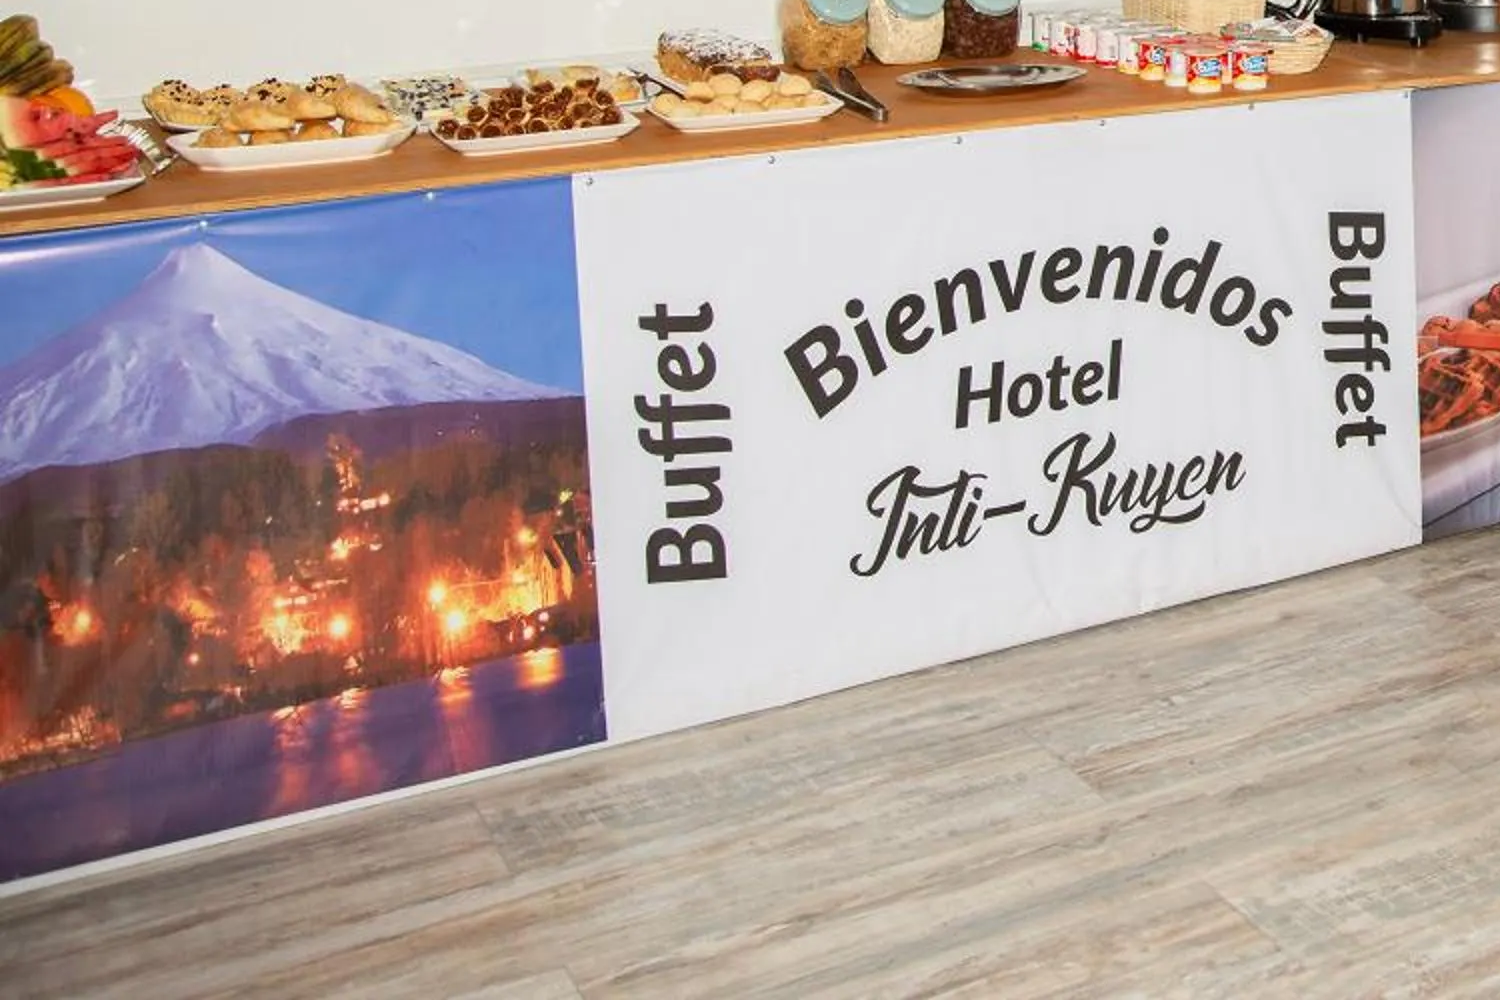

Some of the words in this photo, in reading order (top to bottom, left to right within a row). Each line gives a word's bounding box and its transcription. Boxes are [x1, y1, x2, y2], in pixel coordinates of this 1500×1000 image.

[784, 227, 1292, 418] Bienvenidos
[956, 339, 1122, 428] Hotel
[1322, 212, 1390, 448] Buffet
[634, 302, 732, 584] Buffet
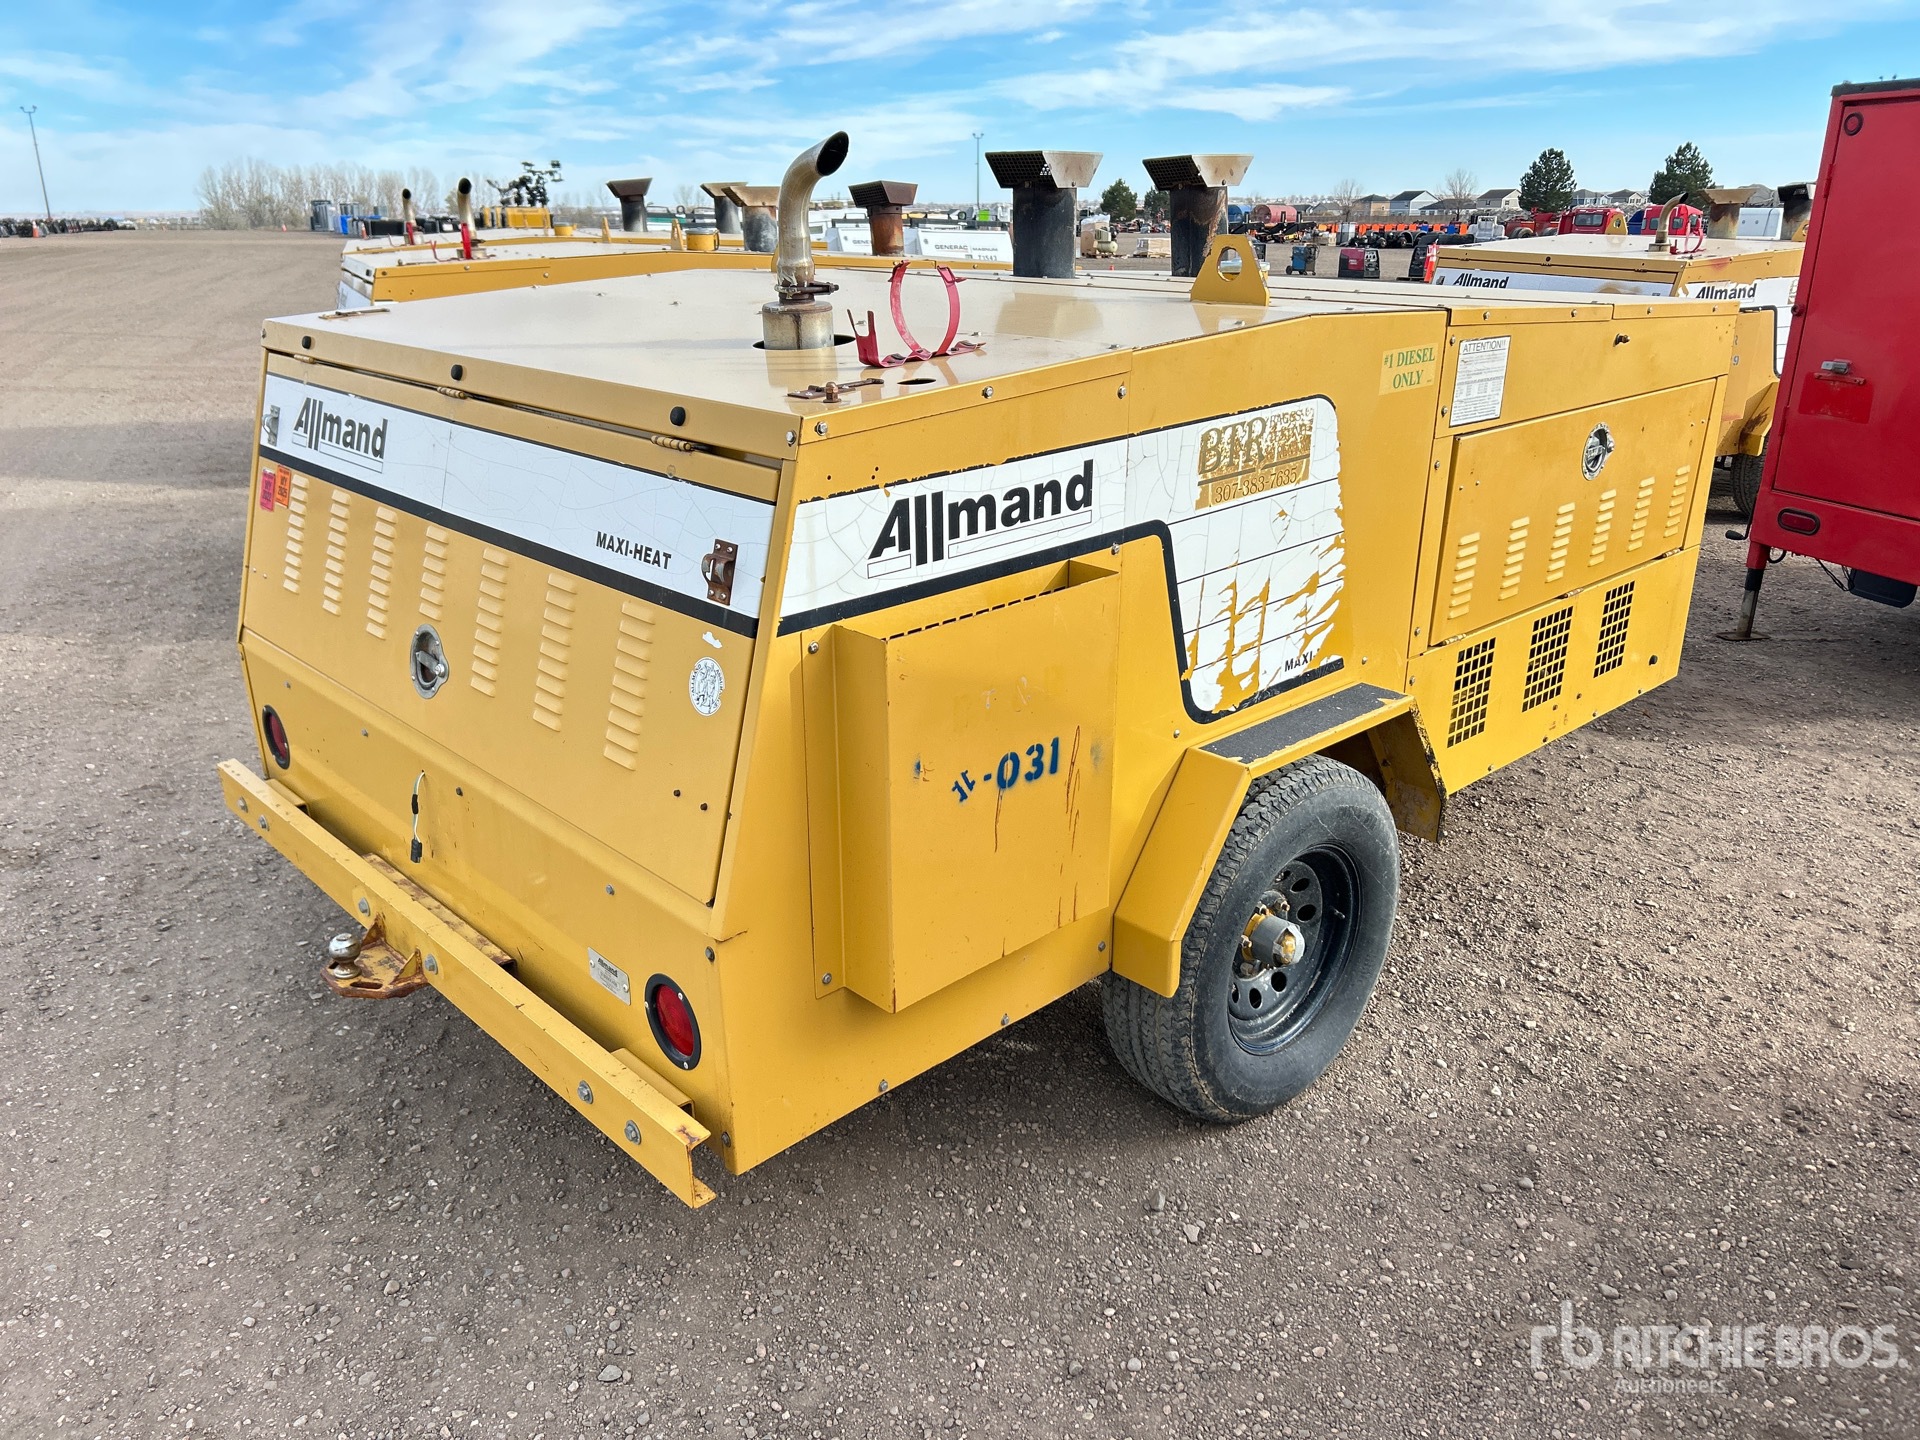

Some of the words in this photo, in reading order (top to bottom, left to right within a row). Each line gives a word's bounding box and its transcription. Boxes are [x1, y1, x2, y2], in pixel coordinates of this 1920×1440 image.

[1453, 273, 1509, 289] Allmand
[1696, 282, 1757, 301] Allmand
[1397, 347, 1436, 368] DIESEL
[1392, 369, 1424, 389] ONLY
[293, 397, 389, 460] Allmand
[1198, 416, 1265, 475] BTR
[1215, 466, 1298, 504] 307-383-7635
[868, 459, 1094, 566] Allmand
[596, 531, 672, 570] MAXI-HEAT
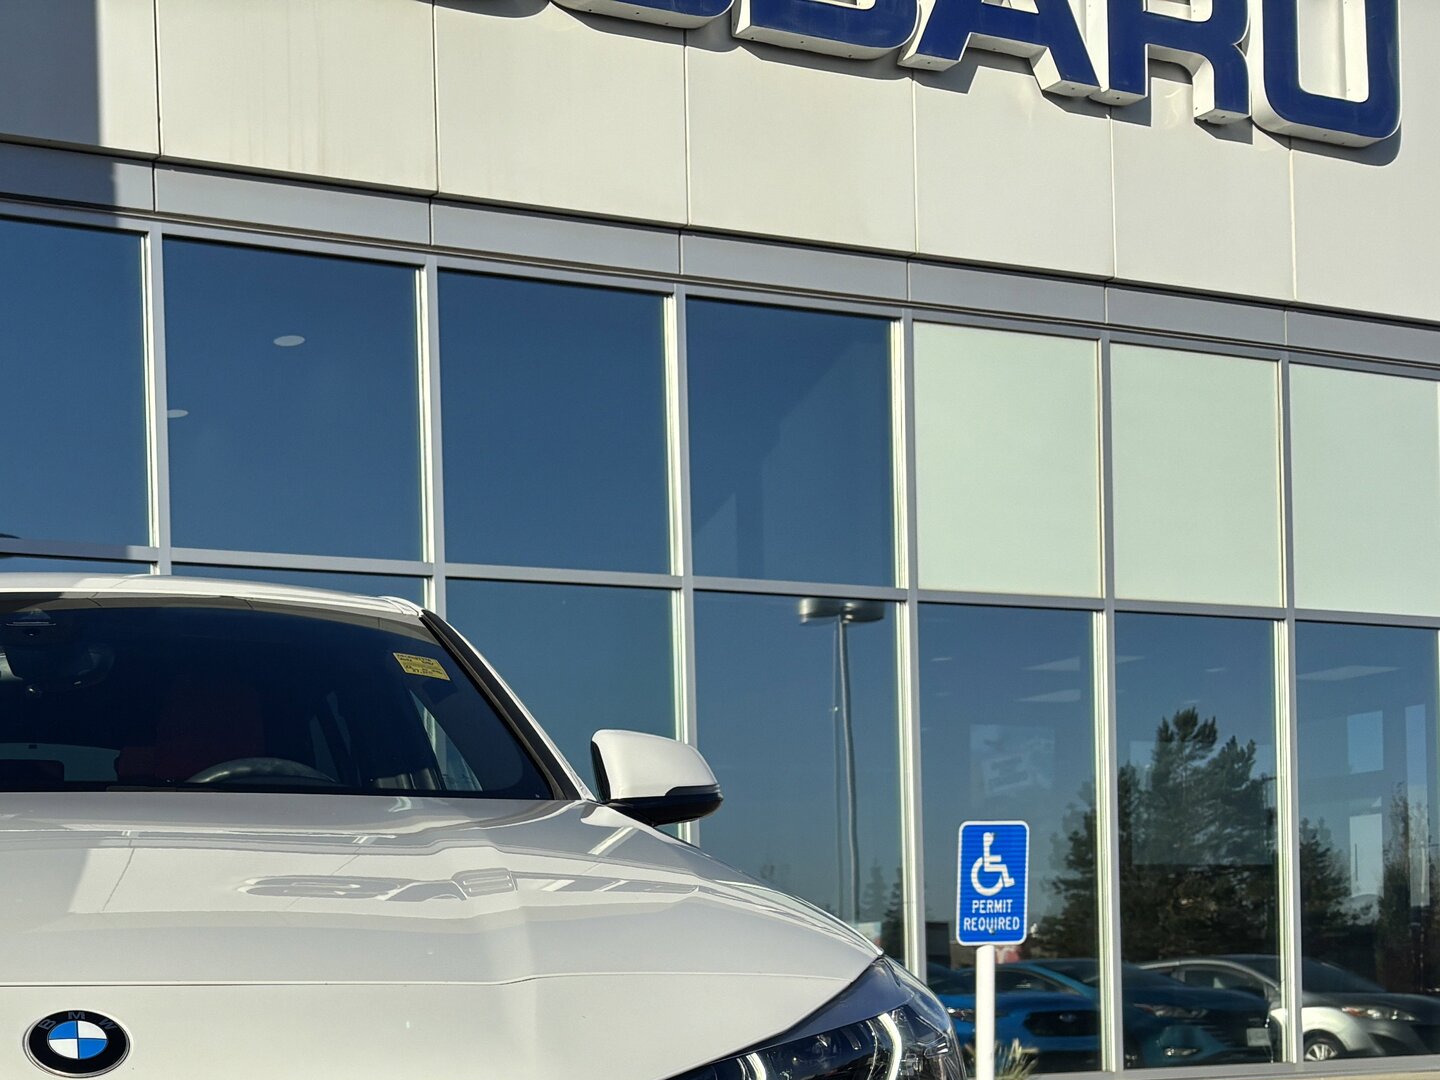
════════════════
**Problem statement:** Return all of the material exactly, without pictures.

**Solution for this problem:**
Some of the words in this photo, in reading order (top to bottom, left to right within a row). Each line gives a word's bounding box and its transcription. Boxes are [x1, y1, x2, y2], in pixel coordinates of this 1500×1000 image.

[784, 227, 1292, 418] Bienvenidos
[956, 339, 1122, 428] Hotel
[1322, 212, 1390, 448] Buffet
[634, 302, 732, 584] Buffet

Some of the words in this photo, in reading order (top to bottom, left to right within a row). Each line gives a word's bounding box and its transcription. Boxes are [x1, y1, x2, y2], in pixel coordinates of this 1920×1440 image.

[1453, 273, 1509, 289] Allmand
[1696, 282, 1757, 301] Allmand
[1397, 347, 1436, 368] DIESEL
[1392, 369, 1424, 389] ONLY
[293, 397, 389, 460] Allmand
[1198, 416, 1265, 475] BTR
[1215, 466, 1298, 504] 307-383-7635
[868, 459, 1094, 566] Allmand
[596, 531, 672, 570] MAXI-HEAT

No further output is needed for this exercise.